Output every record exactly, apart from its images.

"""

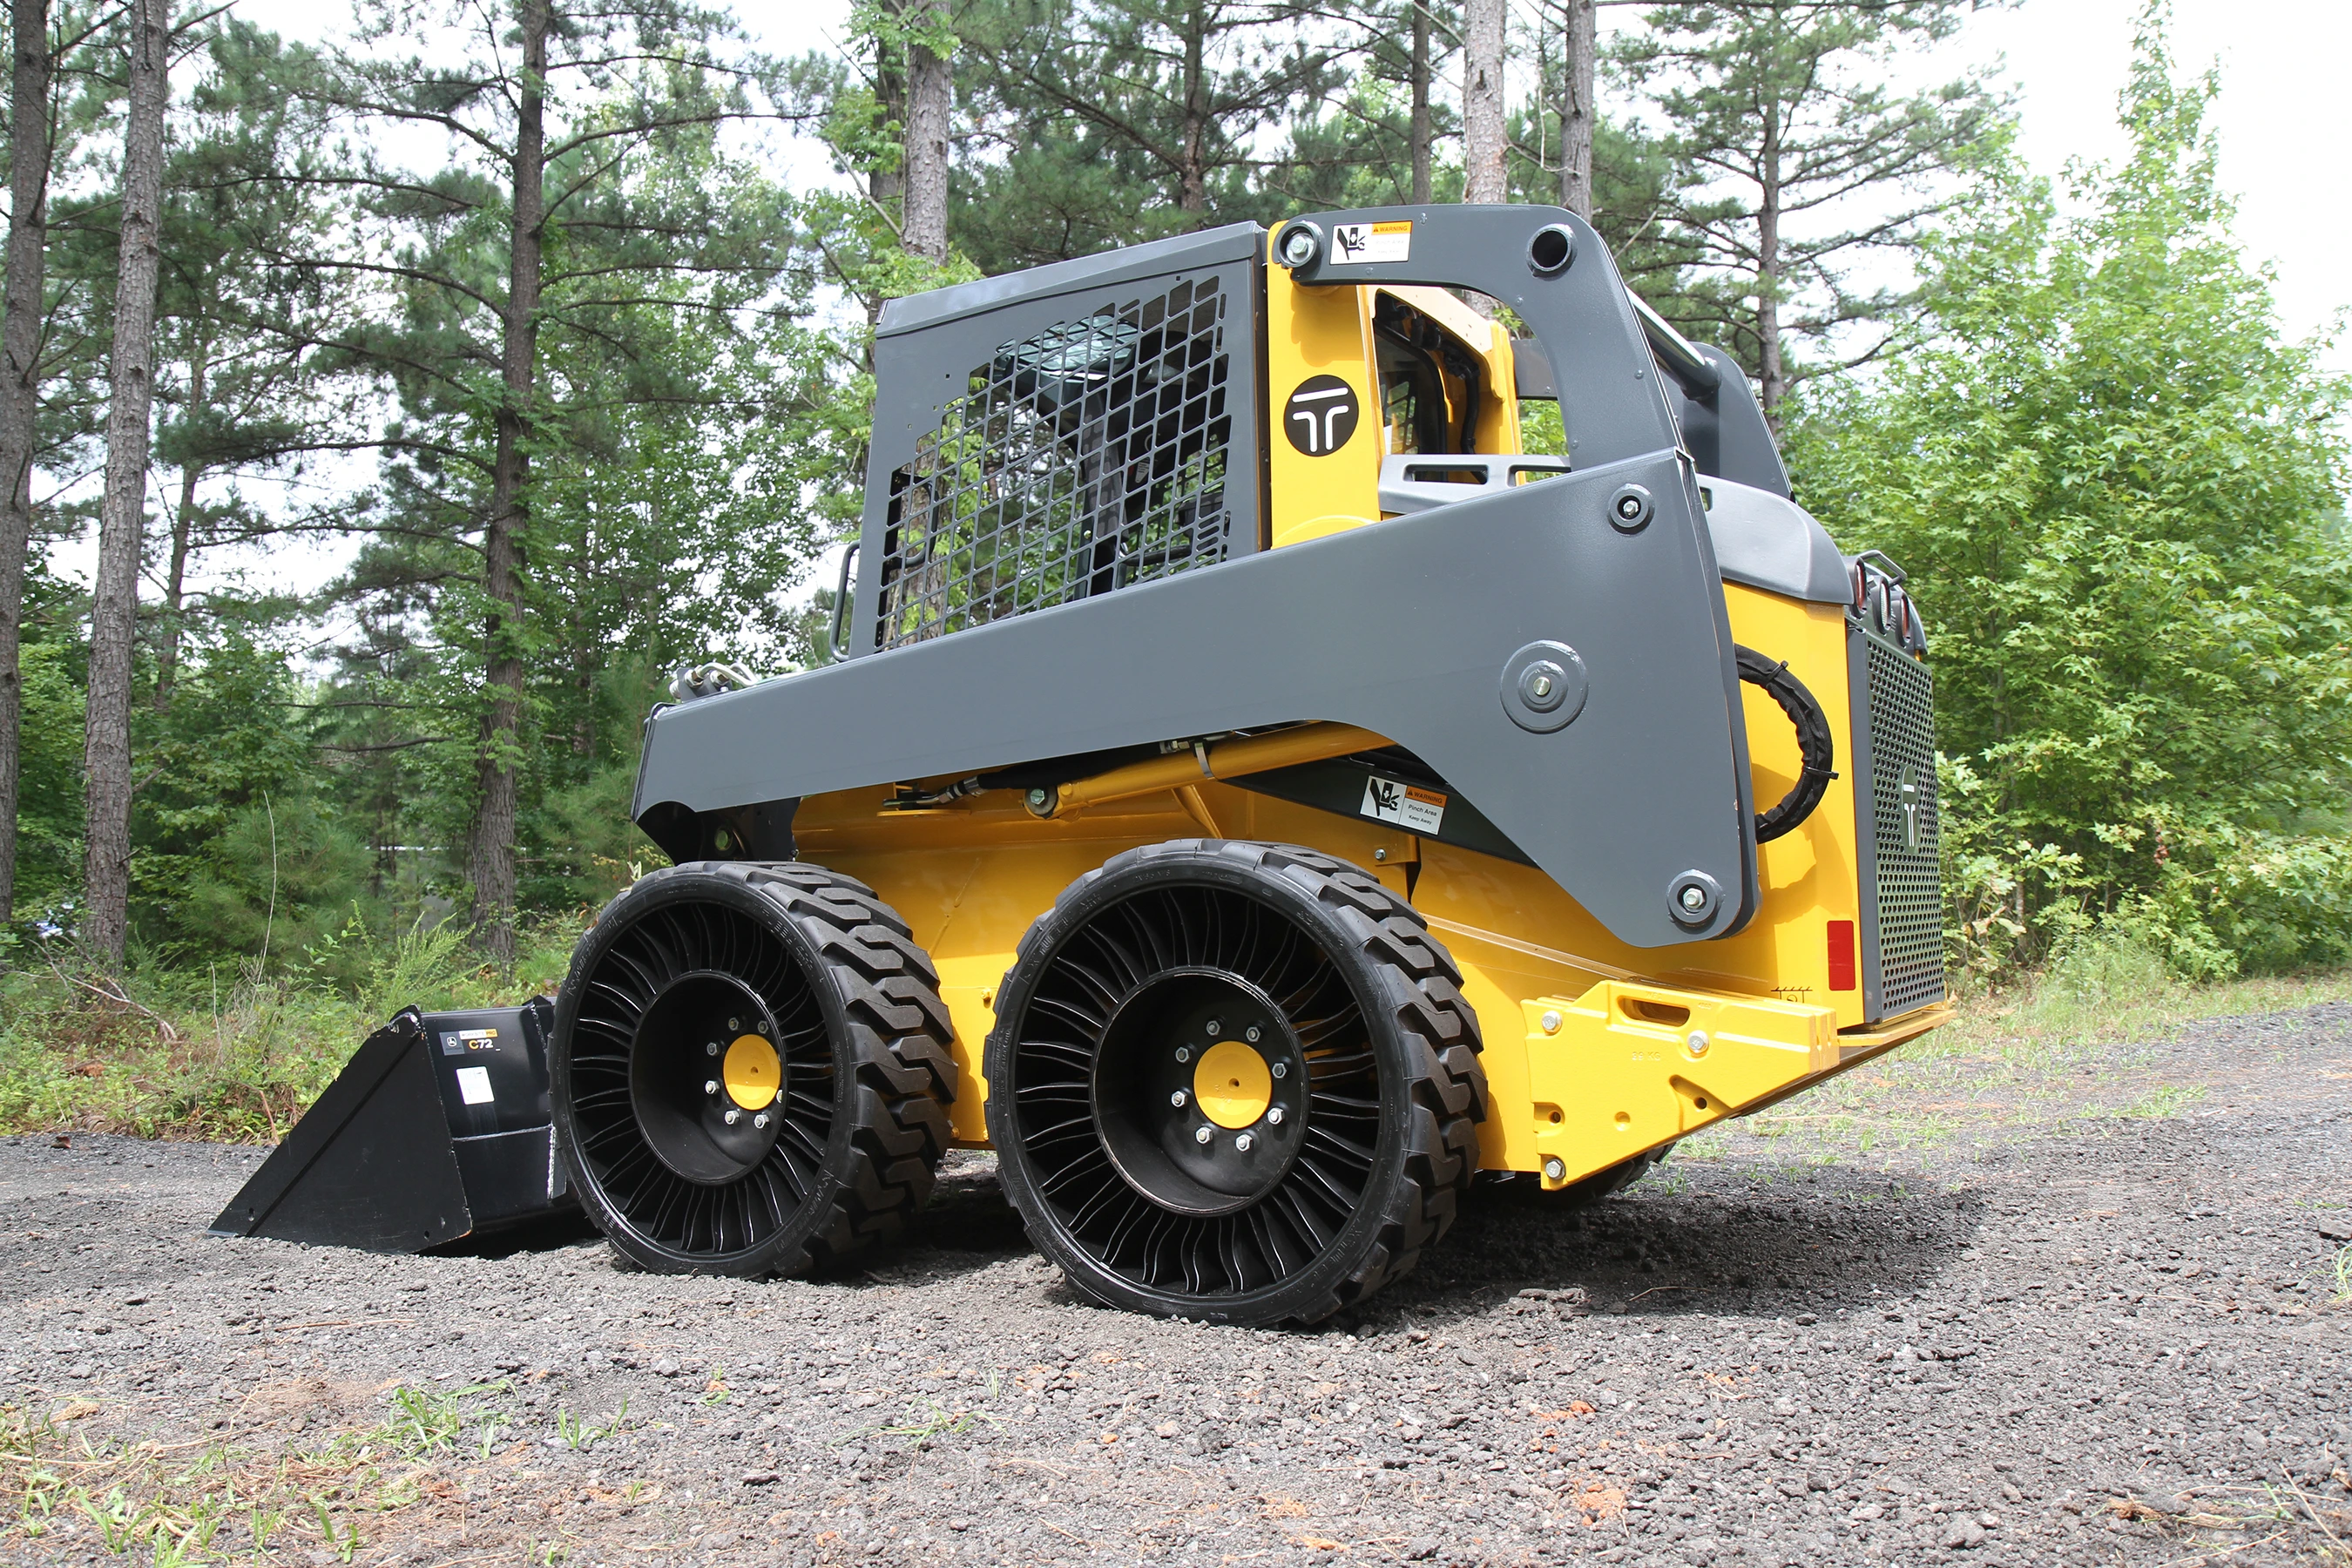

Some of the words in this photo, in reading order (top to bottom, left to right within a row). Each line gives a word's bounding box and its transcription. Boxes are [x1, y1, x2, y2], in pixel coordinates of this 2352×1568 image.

[1414, 791, 1443, 804] WARNING
[1408, 804, 1423, 813] Pinch
[1424, 808, 1437, 817] Area
[1420, 817, 1432, 826] Away
[468, 1038, 494, 1051] C72
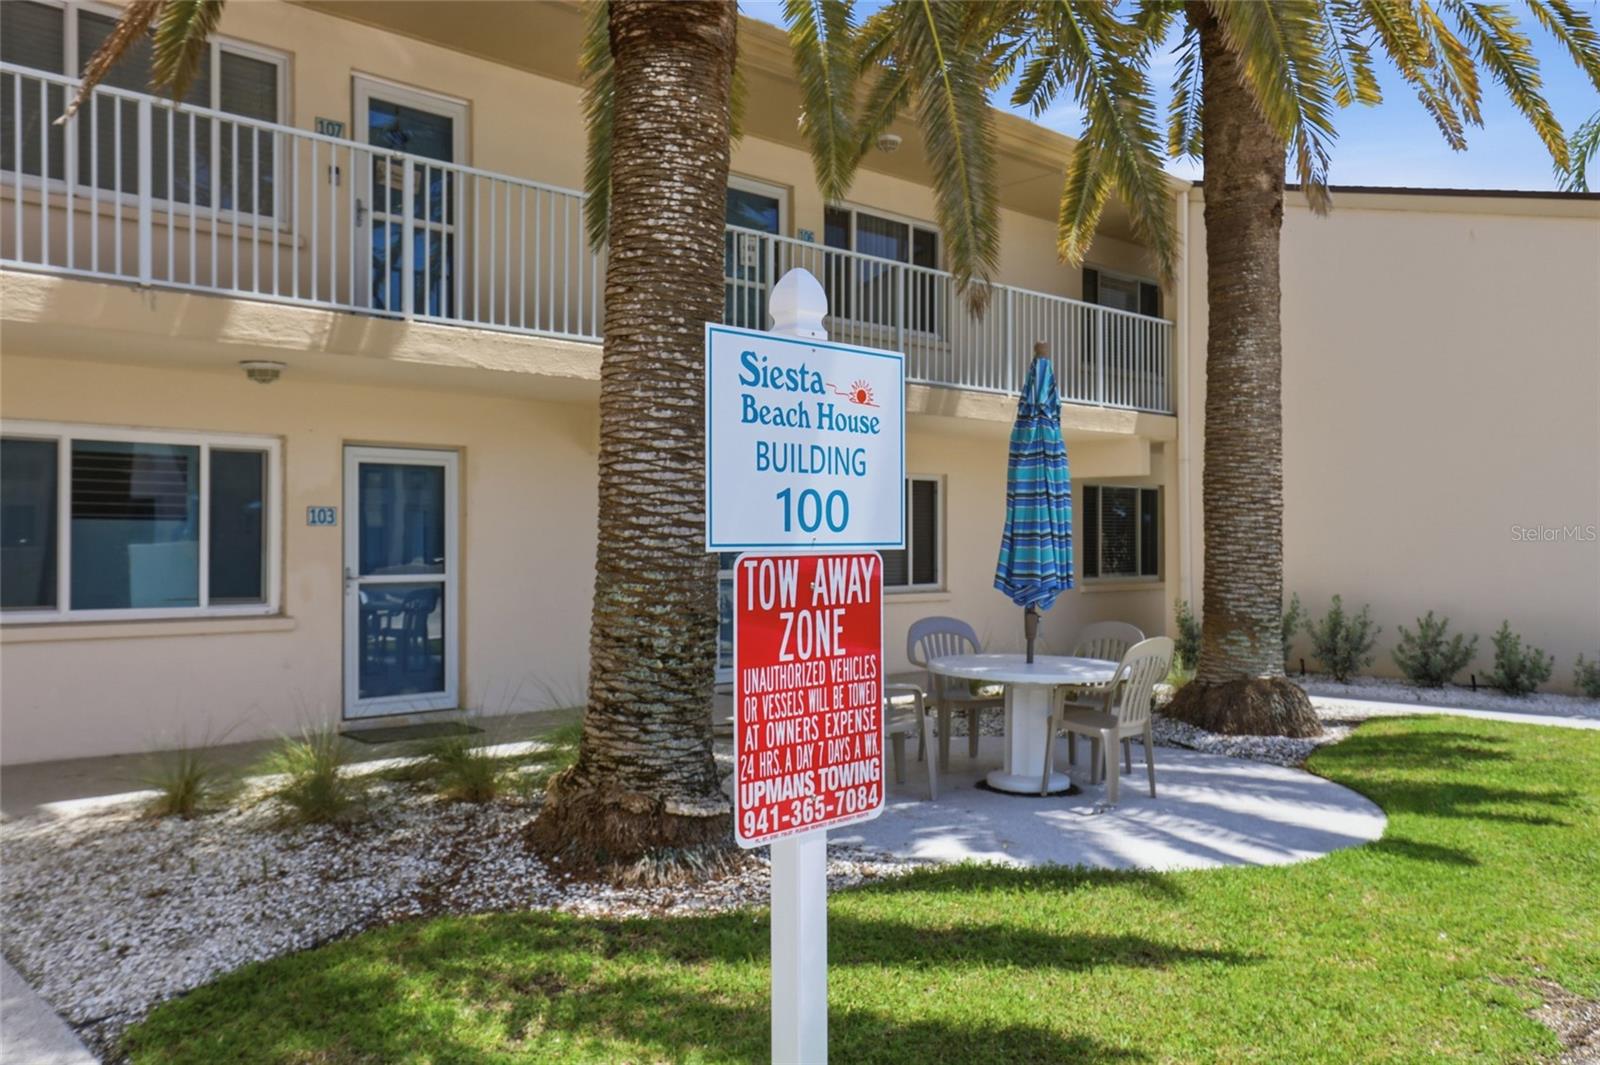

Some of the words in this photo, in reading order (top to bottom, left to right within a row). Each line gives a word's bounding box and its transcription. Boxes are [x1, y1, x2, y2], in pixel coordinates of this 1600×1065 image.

[319, 120, 342, 138] 107
[738, 351, 826, 395] Siesta
[741, 393, 810, 429] Beach
[817, 402, 881, 435] House
[756, 441, 866, 477] BUILDING
[310, 508, 335, 524] 103
[776, 487, 849, 533] 100
[744, 558, 799, 611] TOW
[811, 556, 875, 607] AWAY
[779, 608, 846, 662] ZONE
[743, 660, 826, 695] UNAUTHORIZED
[830, 654, 877, 683] VEHICLES
[743, 697, 758, 723] OR
[762, 690, 804, 720] VESSELS
[808, 686, 829, 713] WILL
[833, 685, 844, 710] BE
[848, 681, 877, 708] TOWED
[745, 724, 760, 752] AT
[766, 715, 819, 748] OWNERS
[825, 707, 877, 738] EXPENSE
[740, 755, 754, 782] 24
[759, 749, 783, 777] HRS.
[785, 747, 793, 773] A
[796, 743, 814, 770] DAY
[818, 742, 825, 766] 7
[828, 735, 851, 764] DAYS
[854, 735, 861, 759] A
[864, 732, 881, 757] WK.
[741, 770, 815, 810] UPMANS
[818, 757, 881, 793] TOWING
[743, 783, 878, 838] 941-365-7084

"""

▶ _Answer for this exercise_
Some of the words in this photo, in reading order (top to bottom, left to right within a row). Each line gives a word's bounding box and its transcription. Boxes are [x1, y1, x2, y2], in pixel coordinates of this 2352×1568 image.

[1414, 791, 1443, 804] WARNING
[1408, 804, 1423, 813] Pinch
[1424, 808, 1437, 817] Area
[1420, 817, 1432, 826] Away
[468, 1038, 494, 1051] C72

Some of the words in this photo, in reading order (top to bottom, left to right within a row). Each line gives a word's bounding box and its transcription. Boxes are [x1, y1, x2, y2], in pixel coordinates of this 1600×1065 image.

[319, 120, 342, 138] 107
[738, 351, 826, 395] Siesta
[741, 393, 810, 429] Beach
[817, 402, 881, 435] House
[756, 441, 866, 477] BUILDING
[310, 508, 335, 524] 103
[776, 487, 849, 533] 100
[744, 558, 799, 611] TOW
[811, 556, 875, 607] AWAY
[779, 608, 846, 662] ZONE
[743, 660, 826, 695] UNAUTHORIZED
[830, 654, 877, 683] VEHICLES
[743, 697, 758, 723] OR
[762, 690, 804, 720] VESSELS
[808, 686, 829, 713] WILL
[833, 685, 844, 710] BE
[848, 681, 877, 708] TOWED
[745, 724, 760, 752] AT
[766, 715, 819, 748] OWNERS
[825, 707, 877, 738] EXPENSE
[740, 755, 754, 782] 24
[759, 749, 783, 777] HRS.
[785, 747, 793, 773] A
[796, 743, 814, 770] DAY
[818, 742, 825, 766] 7
[828, 735, 851, 764] DAYS
[854, 735, 861, 759] A
[864, 732, 881, 757] WK.
[741, 770, 815, 810] UPMANS
[818, 757, 881, 793] TOWING
[743, 783, 878, 838] 941-365-7084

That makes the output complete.